Transcribe, exactly and in full, every record shown below, while omitting its images.

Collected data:
-.-.-
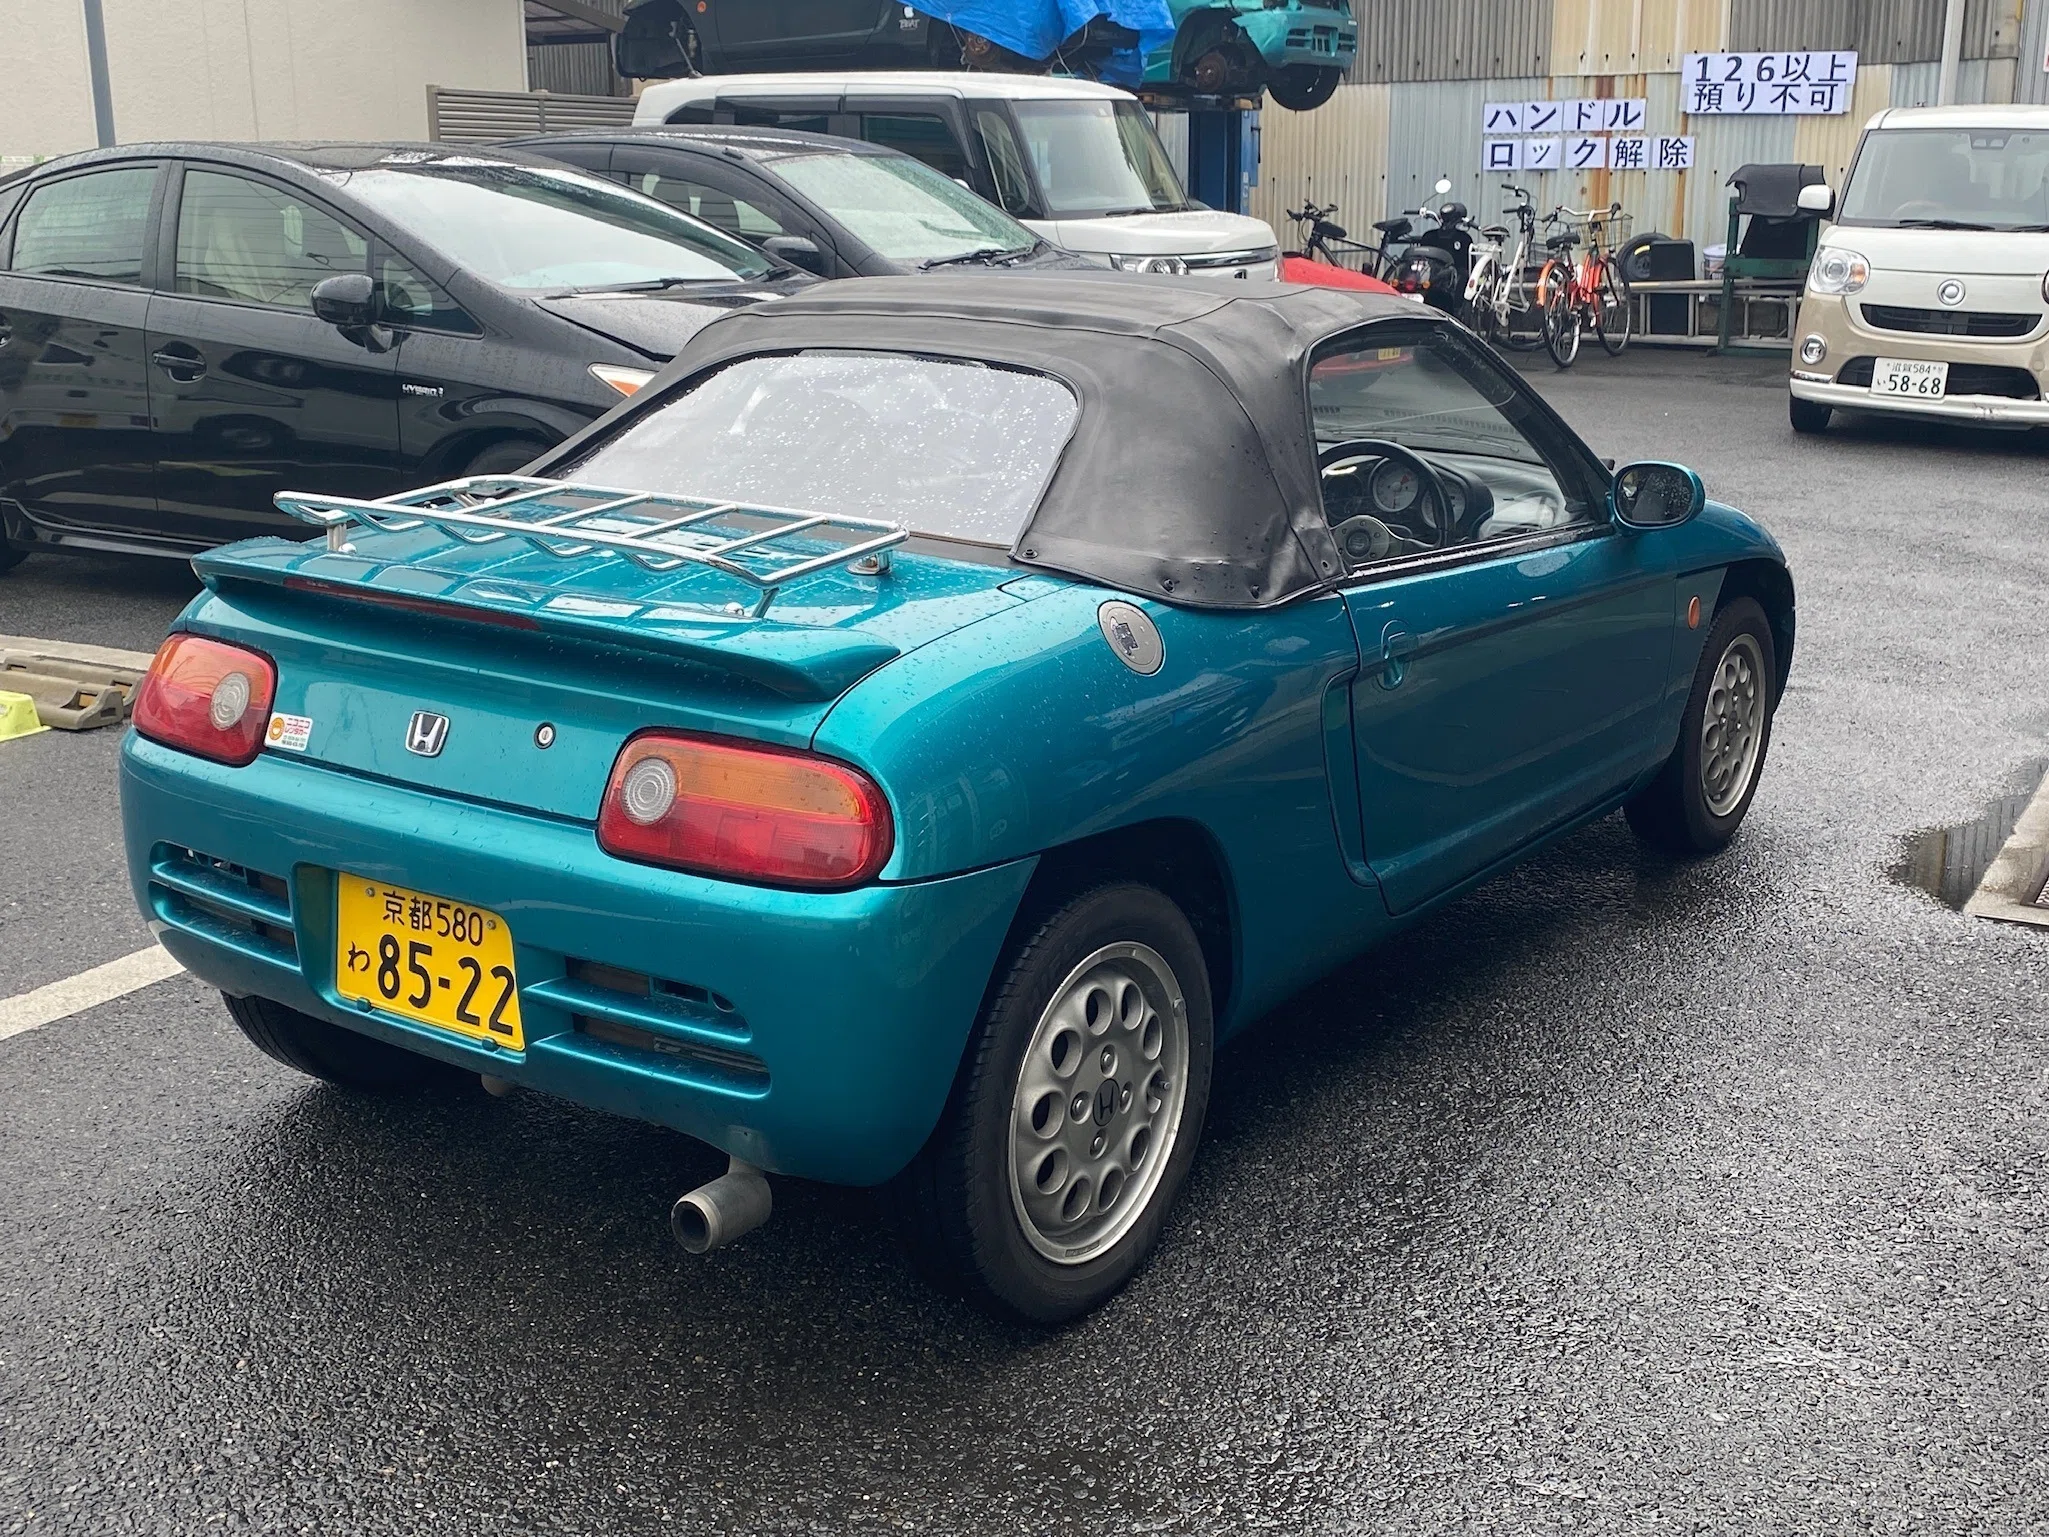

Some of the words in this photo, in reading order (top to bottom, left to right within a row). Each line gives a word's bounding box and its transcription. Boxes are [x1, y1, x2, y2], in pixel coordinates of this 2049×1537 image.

[1695, 53, 1848, 83] 126以上
[1693, 82, 1839, 112] 預り不可
[1486, 100, 1643, 131] ハンドル
[1489, 138, 1688, 168] ロック解除
[1888, 373, 1941, 395] 58-68
[382, 890, 483, 947] 京都580
[347, 941, 370, 972] わ
[377, 933, 515, 1036] 85-22
-.-.-
Response for this exercise:
Some of the words in this photo, in reading order (top to bottom, left to right within a row). Each line gives a word's bounding box and its transcription. Boxes are [x1, y1, x2, y2], in pixel coordinates of this 2049×1537 image.

[1695, 53, 1848, 83] 126以上
[1693, 82, 1839, 112] 預り不可
[1486, 100, 1643, 131] ハンドル
[1489, 138, 1688, 168] ロック解除
[1888, 373, 1941, 395] 58-68
[382, 890, 483, 947] 京都580
[347, 941, 370, 972] わ
[377, 933, 515, 1036] 85-22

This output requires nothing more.